Si alzarono con le mani ancora intrecciate, poi Oscar si ritrasse per prendere la sciabola.

“Domani faremo un giro turistico di Parigi” buttò là mentre scendevano le scale.

“Re Gustavo?” lo sguardo di André si era incupito.

“Già… fra una settimana, però, si trasferiranno tutti a Londra…”

“Mai troppo presto!” mormorò André a mezza bocca.

“Cosa?” Oscar non aveva capito.

“Niente, non ho parlato” rispose lui, imperturbabile mentre si infilava i guanti.

 

Quella sera riuscirono a tornare a casa abbastanza presto. Furono stupiti del silenzio che accolse il loro arrivo. La nonna non gli si fece incontro e il bambino non si vedeva. Entrambi ricordavano bene quanto fossero scatenati quando erano piccoli, era strano che questo bambino non si sentisse per niente.

Salirono direttamente nella stanza di André. Furono fermati sulla soglia da Nanny, che fece loro segno di far piano…

“Si è appena addormentato… Oh, Oscar… è un bambino così solitario… è stato sempre da solo… è così triste…”

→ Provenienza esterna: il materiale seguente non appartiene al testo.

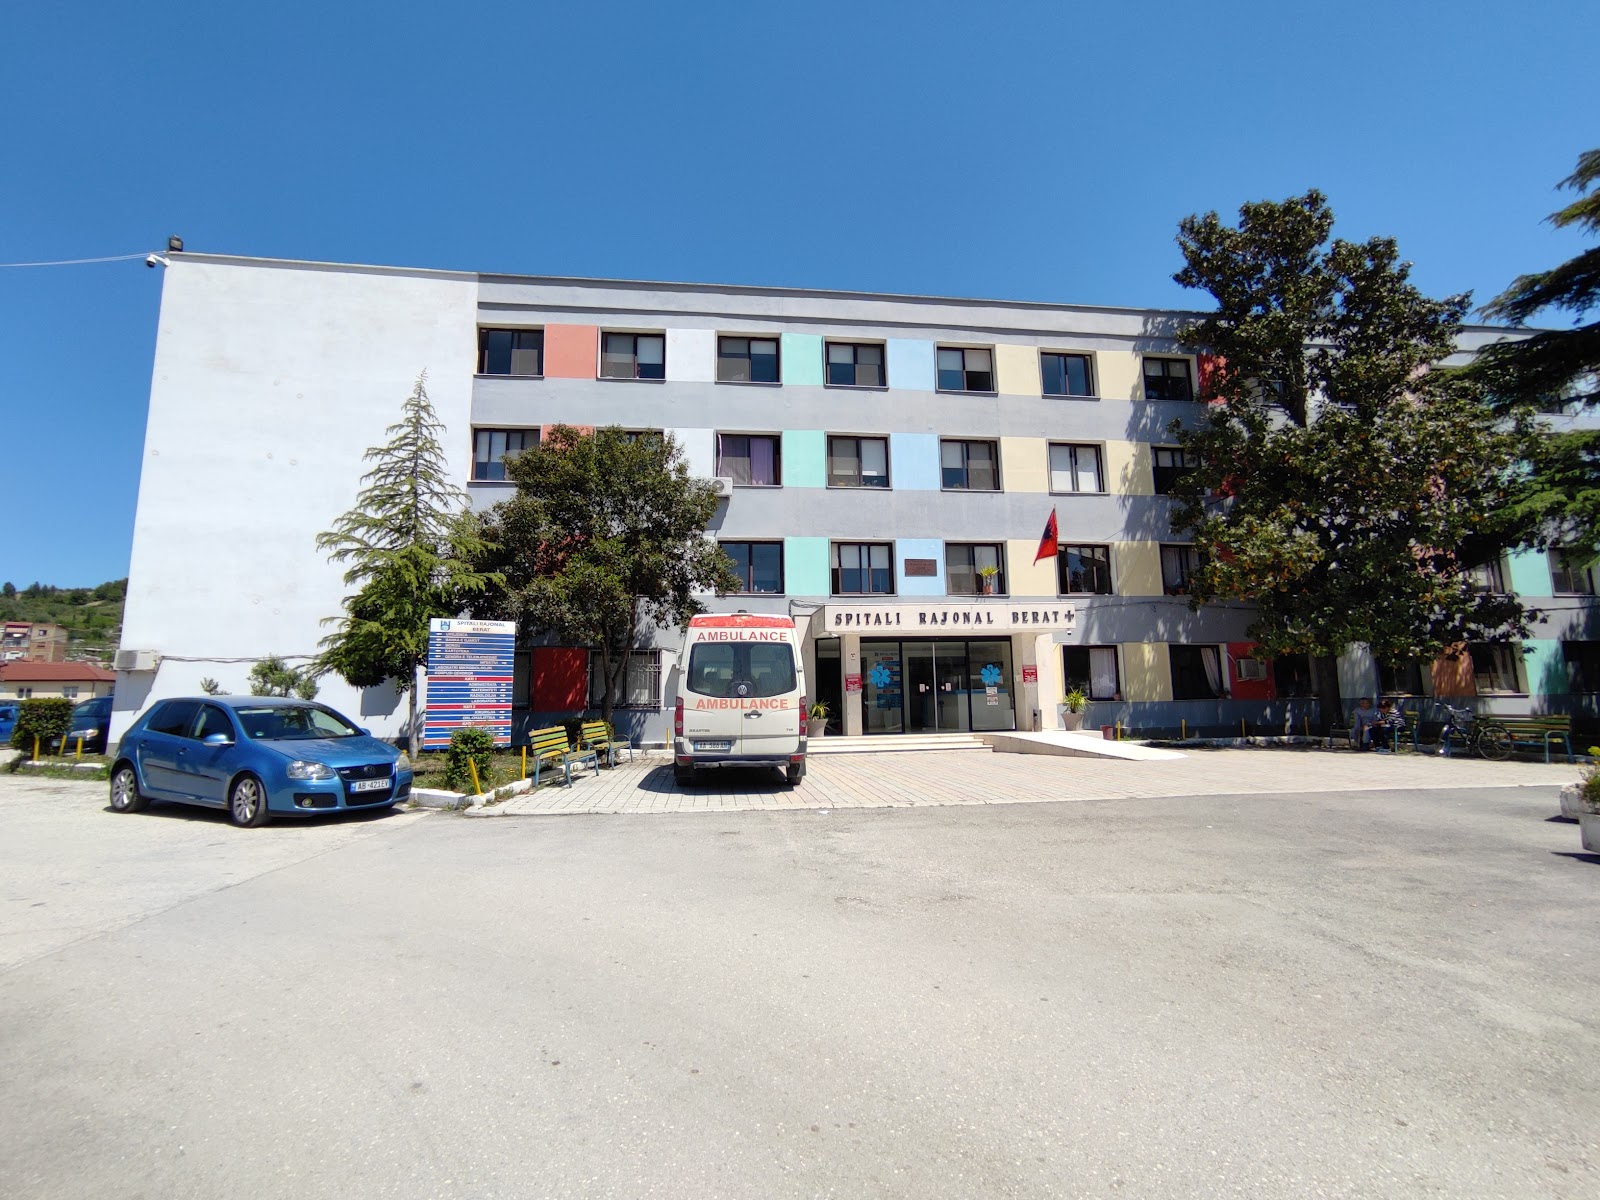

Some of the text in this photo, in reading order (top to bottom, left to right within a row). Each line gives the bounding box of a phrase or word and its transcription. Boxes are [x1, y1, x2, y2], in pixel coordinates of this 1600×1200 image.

[834, 610, 1060, 626] SPITALI RAJONAL BERAT
[696, 631, 788, 642] AMBULANCE
[696, 698, 789, 710] AMBULANCE

Oscar annuì, poi entrò nella stanza seguita da André.

Il piccolo Jean era sepolto dalle coperte che la nonna aveva aggiunto per tenerlo più caldo. Oscar gli andò vicino per vedere se stesse davvero dormendo… sorrise scotendo la testa: anche lei da piccola teneva gli occhi chiusi per convincere Nanny di essere profondamente addormentata. Si rialzò e raggiunse gli altri due.

“Rimango un po’ con lui… potete andare. André, ti chiamo dopo. Vai in biblioteca”

André annuì. Faticò un po’ a trascinare via la nonna, ma finalmente riuscì a chiudersi la porta dietro le spalle.

“Jean…”sussurrò Oscar.

Vide il bambino stringere gli occhi ancora più stretti.

“Se non hai voglia di parlare, non fa niente. Possiamo farlo un’altra volta. Volevo solamente che tu potessi conoscermi…” fece per alzarsi dal bordo del letto su cui si era seduta, ma una manina le afferrò il polso.

“Dove è la mamma… perché è partita lasciandomi solo…”

“La tua mamma non voleva lasciarti solo…” Oscar cercò di parlare dolcemente.

“… e allora?”

“La mamma ha preso molto freddo quando è caduta nel fiume. Aveva bisogno di curarsi. E’ andata in un posto dove si sta molto bene, ma in cui possono andare solo le persone che hanno bisogno di guarire… non ha proprio potuto portarti con sé…”

Il bambino scoppiò a piangere, abbracciandola.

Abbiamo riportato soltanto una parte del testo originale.